Очерки по истории русской церковной смуты
Шрифт:
Наш обзор предыстории обновленческого раскола был бы неполон, если бы мы не остановились еще на одном лице. Речь идет о богатырской фигуре епископа Антонина (Грановского). Мы не случайно употребили этот эпитет. Всякому, кто когда-либо видел Антонина, сразу приходило на ум это слово. Огромный рост, зычный громоподобный голос, резкие порывистые движения, обнаруживавшие большую физическую силу, внешность свирепого араба — все это как бы подавляло в первый момент любого из его собеседников. Это впечатление еще более усиливалось у всякого, кто его слушал или читал его произведения. Беспощадная смелость мысли, суровая прямота характера в сочетании с глубиной ума; стиль тяжелый, запутанный, носящий на себе отпечаток своеобразной, ни на кого не похожей личности — епископ Антонин был (как бы ни относиться к его деятельности), бесспорно, очень крупным человеком. На его похоронах один из ораторов сравнивал его с Василием Великим. Мы сравнили бы его с Оригеном. Подобно Адамантову учителю, Антонин был страстным правдоискателем,
Александр Андреевич Грановский родился в 1860 году на Украине. Нам, к сожалению, очень мало известно о его юношеских годах. Однако, видимо, молодость его была мятежной и богатой приключениями; он много путешествовал, изучал восточные языки и, что совсем необычно, изучил их в совершенстве, занимался археологией, видимо, менял профессии; лишь в 1891 году, в 31 год, он окончил со званием магистранта Киевскую духовную академию. Одновременно Александр Андреевич принял монашество с наречением ему имени Антонин и был назначен помощником инспектора Киевской академии. Очень быстро поссорившись с начальством, после грандиозного скандала (скандал был вообще его стихией), иеромонах Антонин переводится в Москву, с большим понижением, в качестве смотрителя Донского духовного училища, чтобы через несколько лет, после очередной ссоры, вернуться снова в Киев смотрителем Киево-Подольского духовного училища. За это время иеромонах Антонин (благодаря своему несдержанному, порывистому характеру) приобрел себе бесчисленных врагов; однако приобрел себе и верного друга в лице архиепископа Финляндского Антония Вадковского. Когда Антоний Вадковский становится митрополитом Санкт-Петербургским и Ладожским, перед Антонином неожиданно открываются широкие перспективы. В 1899 году он переводится в Петербург, возводится в сан архимандрита и становится старшим цензором Петербургского духовного цензурного управления. На этой должности архимандрит прославился своим либерализмом: он не только пропускал в печать все, что поступало на его утверждение, но находил особое наслаждение в том, чтобы ставить свою визу на литературных произведениях, запрещенных гражданской цензурой.

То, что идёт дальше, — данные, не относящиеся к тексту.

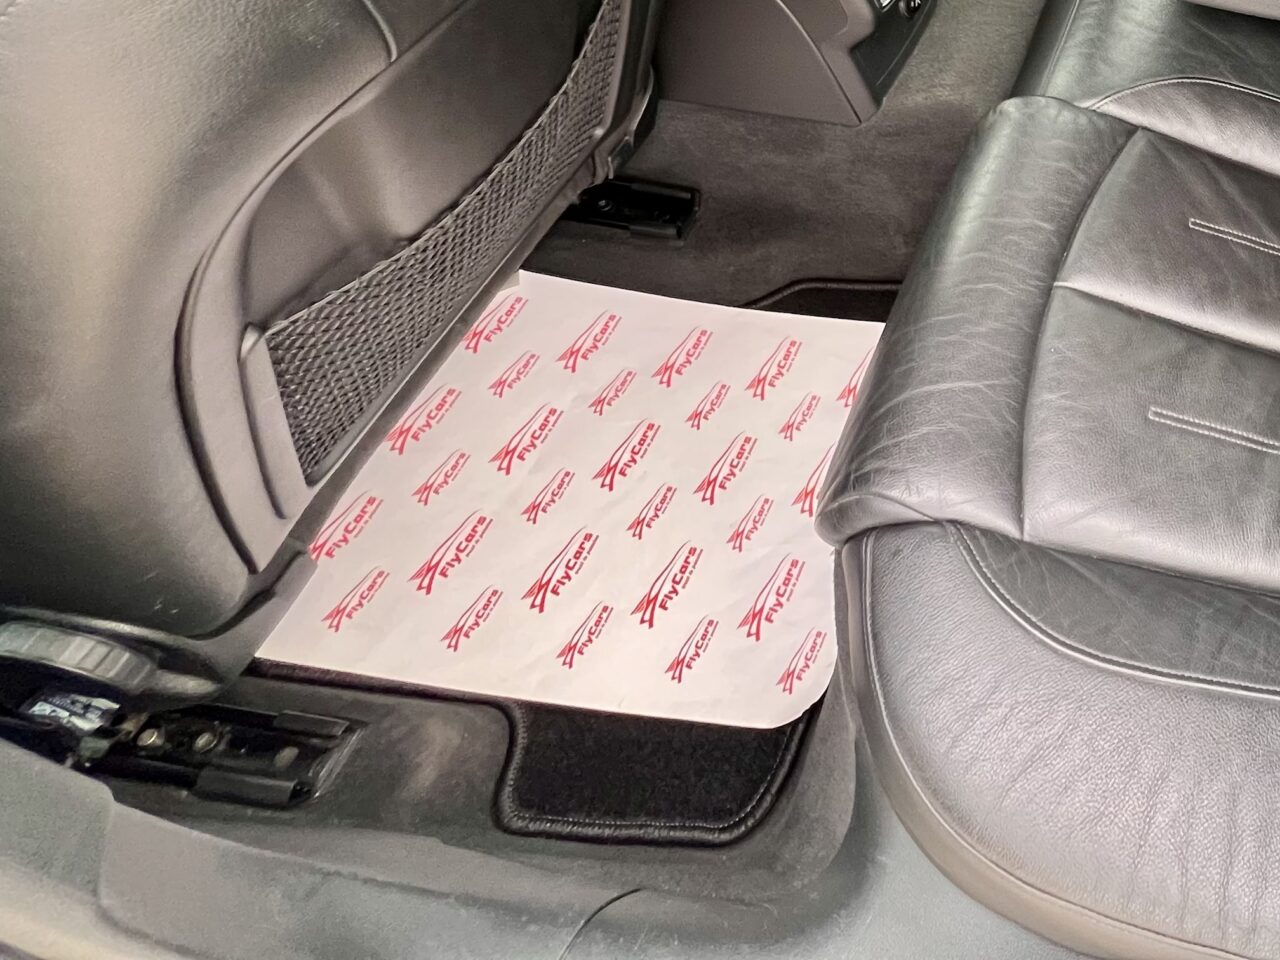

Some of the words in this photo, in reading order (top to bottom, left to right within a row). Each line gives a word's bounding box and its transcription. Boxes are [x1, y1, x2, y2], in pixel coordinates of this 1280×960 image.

В 1902 году выходит в свет его магистерская диссертация («Книга пророка Варуха». Репродукция. СПБ. 1902), блестяще защищенная им на заседании совета Киевской духовной академии 18 декабря 1902 года. Эта работа является событием не только в русской, но и в мировой экзегетике. Как известно, Книга пророка Варуха дошла до нас в греческом переводе и потому не принадлежит к каноническим книгам Ветхого Завета. Попытки немецких екзегетов Френкеля и Пресснера воспроизвести еврейский оригинал, основываясь на анализе греческого текста, не дали никаких положительных результатов. Эту же задачу поставил перед собой Антонин. Не ограничиваясь, однако, греческим текстом, Антонин привлек тексты сирский — пешито, сирозигзаплический, арабский, коптский, эфиопский, армянский и грузинский. После скрупулезнейшего грамматического (морфологического, синтаксического) анализа Антонин приходит к выводу, что часть этих текстов переведена не с греческого, а с еврейского (впоследствии утерянного) подлинника. Такими текстами, в частности, являются сирский пешито, арабский и коптский. Основываясь на этих текстах (по его мнению, более древних, чем греческий текст, и более близких, чем он, к подлиннику), Антонин реставрирует древнееврейский пратекст, который помещен на с. 396–404 его труда. Восстановленный таким образом через несколько тысячелетий оригинал произвел сенсацию не только в христианских, но и в еврейских кругах: ученые раввины всего мира комментировали эту книгу.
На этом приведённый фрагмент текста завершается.